▸ WORK REQUIRED: Drop every picture, then transcribe the remaining data exactly.

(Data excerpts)
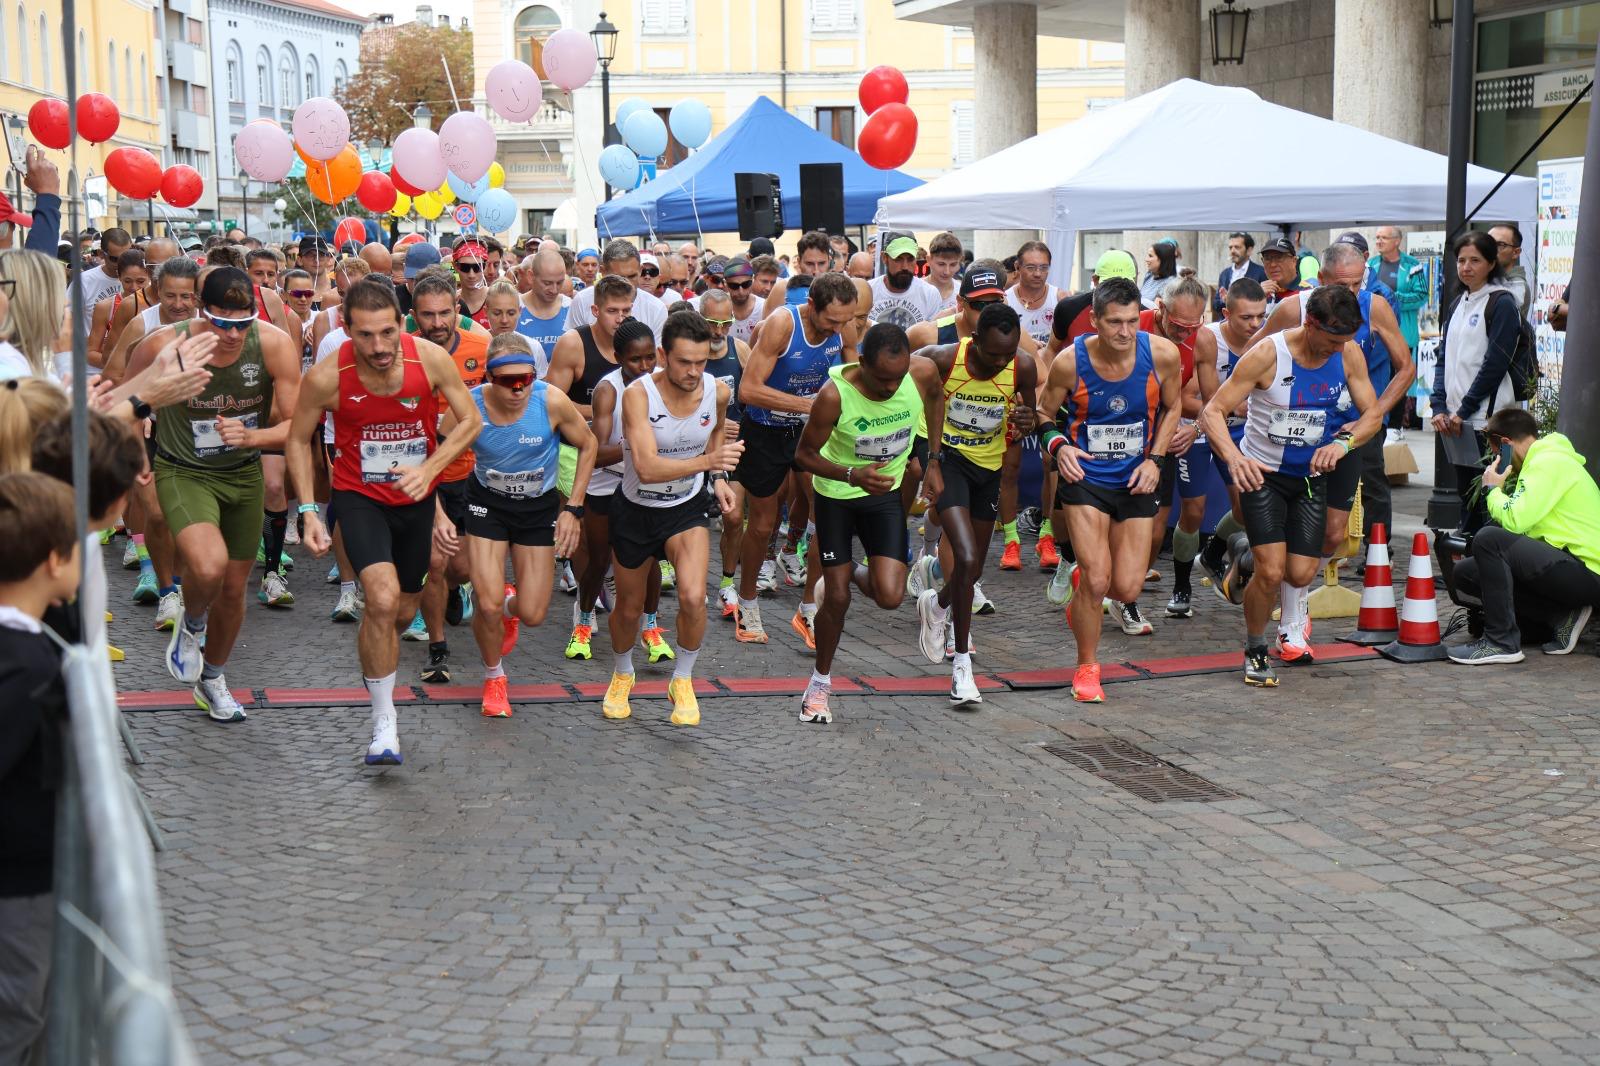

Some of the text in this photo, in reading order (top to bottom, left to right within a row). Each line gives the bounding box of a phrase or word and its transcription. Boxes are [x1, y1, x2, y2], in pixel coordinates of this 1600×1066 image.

[1562, 74, 1589, 87] BANCA
[955, 392, 1006, 403] DIADORA
[871, 410, 911, 427] TECNOCASA
[970, 417, 978, 425] 6
[1287, 427, 1306, 437] 142
[1107, 441, 1126, 451] 180
[881, 447, 889, 455] 5
[391, 461, 399, 469] 2
[505, 485, 525, 493] 313
[665, 485, 673, 493] 3
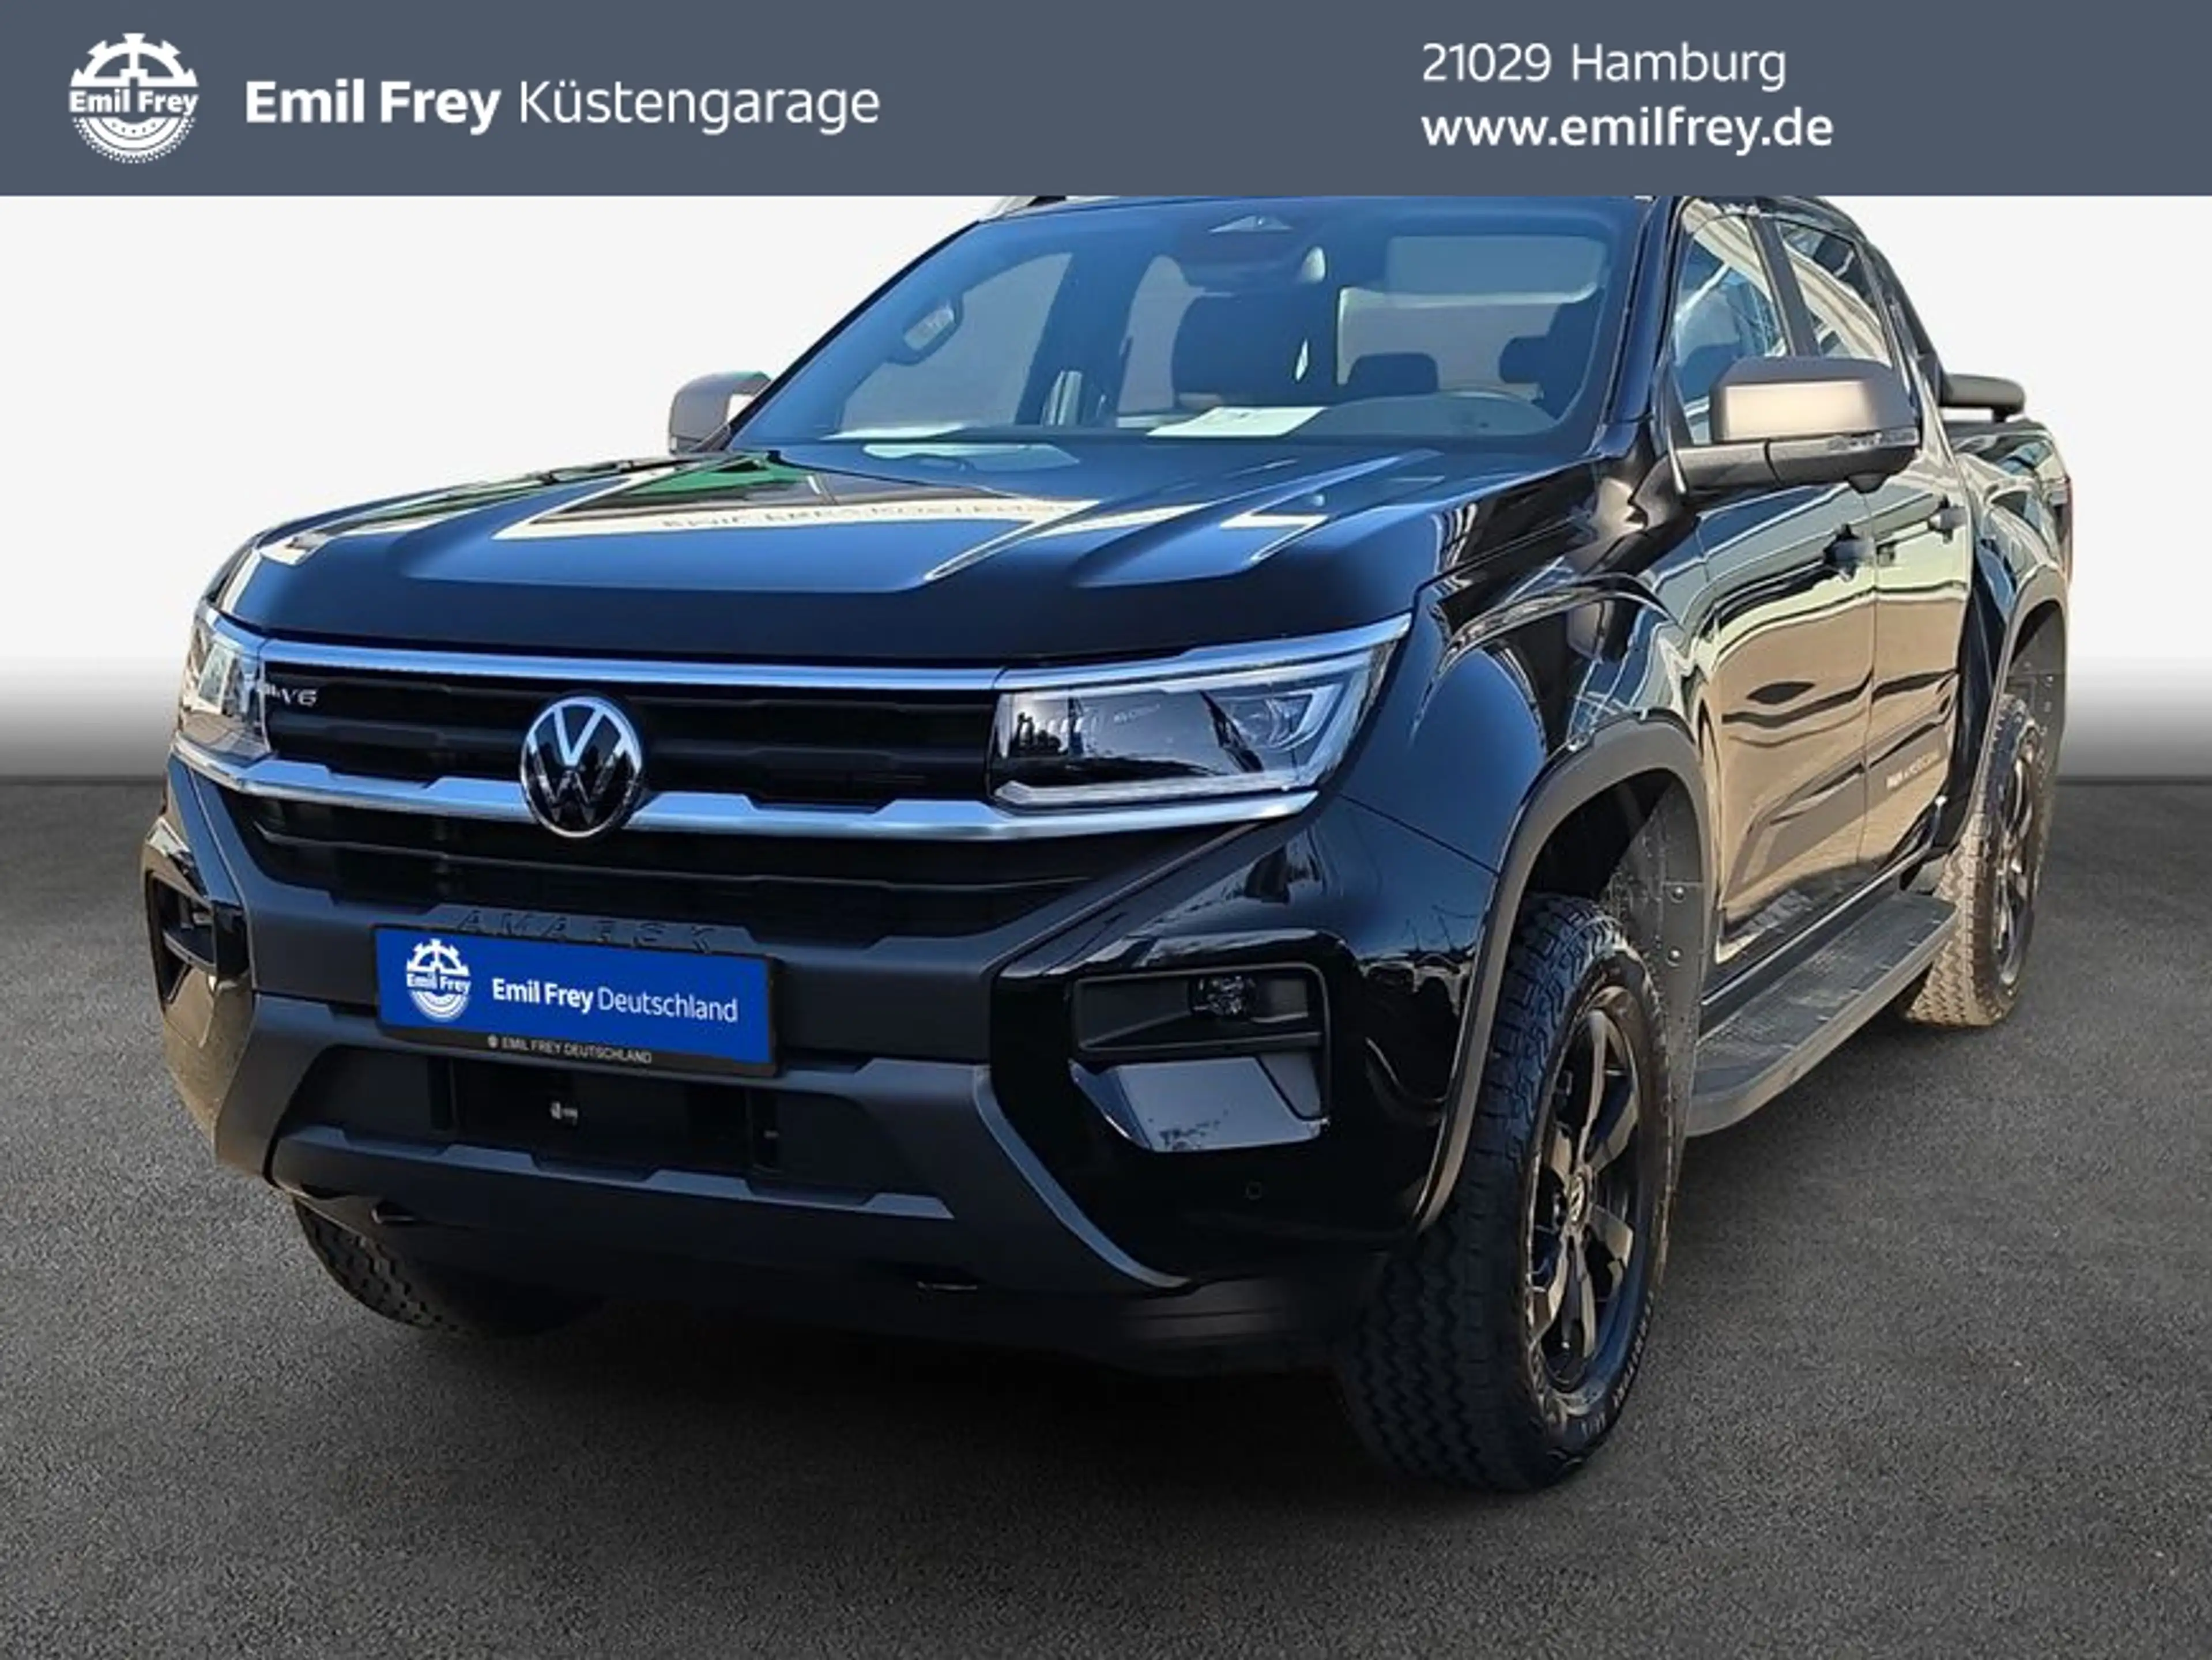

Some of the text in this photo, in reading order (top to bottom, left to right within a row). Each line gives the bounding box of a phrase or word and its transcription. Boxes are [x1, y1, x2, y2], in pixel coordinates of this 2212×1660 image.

[406, 972, 472, 995] Emil Frey
[491, 976, 738, 1023] Emil Frey Deutschland
[501, 1036, 653, 1064] EMIL FREY DEUTSCHLAND

▸ OUTPUT FOR THIS EXERCISE:
Some of the text in this photo, in reading order (top to bottom, left to right within a row). Each line gives the bounding box of a phrase or word and its transcription. Boxes are [x1, y1, x2, y2], in pixel coordinates of this 1600×1066 image.

[1562, 74, 1589, 87] BANCA
[955, 392, 1006, 403] DIADORA
[871, 410, 911, 427] TECNOCASA
[970, 417, 978, 425] 6
[1287, 427, 1306, 437] 142
[1107, 441, 1126, 451] 180
[881, 447, 889, 455] 5
[391, 461, 399, 469] 2
[505, 485, 525, 493] 313
[665, 485, 673, 493] 3

Some of the text in this photo, in reading order (top to bottom, left to right within a row). Each line gives the bounding box of a phrase or word and its transcription. Boxes are [x1, y1, x2, y2], in pixel coordinates of this 2212×1660 image.

[406, 972, 472, 995] Emil Frey
[491, 976, 738, 1023] Emil Frey Deutschland
[501, 1036, 653, 1064] EMIL FREY DEUTSCHLAND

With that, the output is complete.